**** TASK INPUT

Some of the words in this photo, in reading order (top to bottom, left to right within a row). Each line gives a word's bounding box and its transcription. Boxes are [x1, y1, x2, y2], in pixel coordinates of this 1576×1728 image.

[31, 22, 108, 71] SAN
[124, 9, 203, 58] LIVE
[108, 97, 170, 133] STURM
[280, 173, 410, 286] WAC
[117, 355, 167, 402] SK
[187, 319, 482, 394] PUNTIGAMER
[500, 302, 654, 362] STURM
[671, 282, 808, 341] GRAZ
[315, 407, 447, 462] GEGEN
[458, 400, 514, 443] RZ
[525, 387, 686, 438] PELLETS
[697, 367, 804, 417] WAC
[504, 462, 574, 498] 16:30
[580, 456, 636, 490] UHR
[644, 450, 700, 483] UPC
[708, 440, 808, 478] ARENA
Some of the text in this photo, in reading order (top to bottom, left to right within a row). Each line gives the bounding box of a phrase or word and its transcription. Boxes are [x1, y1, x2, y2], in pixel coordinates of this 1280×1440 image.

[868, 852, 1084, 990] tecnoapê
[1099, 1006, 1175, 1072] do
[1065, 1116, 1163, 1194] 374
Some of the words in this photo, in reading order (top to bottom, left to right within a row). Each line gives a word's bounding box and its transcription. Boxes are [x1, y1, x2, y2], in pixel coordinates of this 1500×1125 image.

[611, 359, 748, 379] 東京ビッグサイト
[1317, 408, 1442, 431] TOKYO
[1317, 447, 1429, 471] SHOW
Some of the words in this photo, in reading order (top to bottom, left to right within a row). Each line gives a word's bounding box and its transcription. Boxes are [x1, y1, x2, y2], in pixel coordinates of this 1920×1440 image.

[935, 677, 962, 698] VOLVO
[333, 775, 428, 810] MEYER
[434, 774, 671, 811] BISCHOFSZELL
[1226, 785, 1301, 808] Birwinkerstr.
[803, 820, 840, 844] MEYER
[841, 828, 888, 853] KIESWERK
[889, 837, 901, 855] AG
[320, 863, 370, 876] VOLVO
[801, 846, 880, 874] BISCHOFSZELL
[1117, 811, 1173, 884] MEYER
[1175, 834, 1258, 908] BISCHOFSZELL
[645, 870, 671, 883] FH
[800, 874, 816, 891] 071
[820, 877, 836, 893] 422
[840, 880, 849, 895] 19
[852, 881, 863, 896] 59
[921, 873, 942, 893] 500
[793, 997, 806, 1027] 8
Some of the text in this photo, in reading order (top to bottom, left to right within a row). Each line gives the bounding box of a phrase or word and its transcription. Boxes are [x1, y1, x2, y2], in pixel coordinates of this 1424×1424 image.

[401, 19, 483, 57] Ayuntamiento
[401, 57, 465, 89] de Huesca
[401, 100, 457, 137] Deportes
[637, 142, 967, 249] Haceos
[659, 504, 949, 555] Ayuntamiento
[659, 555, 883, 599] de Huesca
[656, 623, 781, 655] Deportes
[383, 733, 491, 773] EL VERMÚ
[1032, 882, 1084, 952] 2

********

### TASK INSTRUCTIONS
Your job is to copy all the records exactly.

### OUTPUT FOR THIS TASK
Some of the words in this photo, in reading order (top to bottom, left to right within a row). Each line gives a word's bounding box and its transcription. Boxes are [x1, y1, x2, y2], in pixel coordinates of this 1576×1728 image.

[31, 22, 108, 71] SAN
[124, 9, 203, 58] LIVE
[108, 97, 170, 133] STURM
[280, 173, 410, 286] WAC
[117, 355, 167, 402] SK
[187, 319, 482, 394] PUNTIGAMER
[500, 302, 654, 362] STURM
[671, 282, 808, 341] GRAZ
[315, 407, 447, 462] GEGEN
[458, 400, 514, 443] RZ
[525, 387, 686, 438] PELLETS
[697, 367, 804, 417] WAC
[504, 462, 574, 498] 16:30
[580, 456, 636, 490] UHR
[644, 450, 700, 483] UPC
[708, 440, 808, 478] ARENA
Some of the text in this photo, in reading order (top to bottom, left to right within a row). Each line gives the bounding box of a phrase or word and its transcription. Boxes are [x1, y1, x2, y2], in pixel coordinates of this 1280×1440 image.

[868, 852, 1084, 990] tecnoapê
[1099, 1006, 1175, 1072] do
[1065, 1116, 1163, 1194] 374
Some of the words in this photo, in reading order (top to bottom, left to right within a row). Each line gives a word's bounding box and its transcription. Boxes are [x1, y1, x2, y2], in pixel coordinates of this 1500×1125 image.

[611, 359, 748, 379] 東京ビッグサイト
[1317, 408, 1442, 431] TOKYO
[1317, 447, 1429, 471] SHOW
Some of the words in this photo, in reading order (top to bottom, left to right within a row). Each line gives a word's bounding box and its transcription. Boxes are [x1, y1, x2, y2], in pixel coordinates of this 1920×1440 image.

[935, 677, 962, 698] VOLVO
[333, 775, 428, 810] MEYER
[434, 774, 671, 811] BISCHOFSZELL
[1226, 785, 1301, 808] Birwinkerstr.
[803, 820, 840, 844] MEYER
[841, 828, 888, 853] KIESWERK
[889, 837, 901, 855] AG
[320, 863, 370, 876] VOLVO
[801, 846, 880, 874] BISCHOFSZELL
[1117, 811, 1173, 884] MEYER
[1175, 834, 1258, 908] BISCHOFSZELL
[645, 870, 671, 883] FH
[800, 874, 816, 891] 071
[820, 877, 836, 893] 422
[840, 880, 849, 895] 19
[852, 881, 863, 896] 59
[921, 873, 942, 893] 500
[793, 997, 806, 1027] 8
Some of the text in this photo, in reading order (top to bottom, left to right within a row). Each line gives the bounding box of a phrase or word and its transcription. Boxes are [x1, y1, x2, y2], in pixel coordinates of this 1424×1424 image.

[401, 19, 483, 57] Ayuntamiento
[401, 57, 465, 89] de Huesca
[401, 100, 457, 137] Deportes
[637, 142, 967, 249] Haceos
[659, 504, 949, 555] Ayuntamiento
[659, 555, 883, 599] de Huesca
[656, 623, 781, 655] Deportes
[383, 733, 491, 773] EL VERMÚ
[1032, 882, 1084, 952] 2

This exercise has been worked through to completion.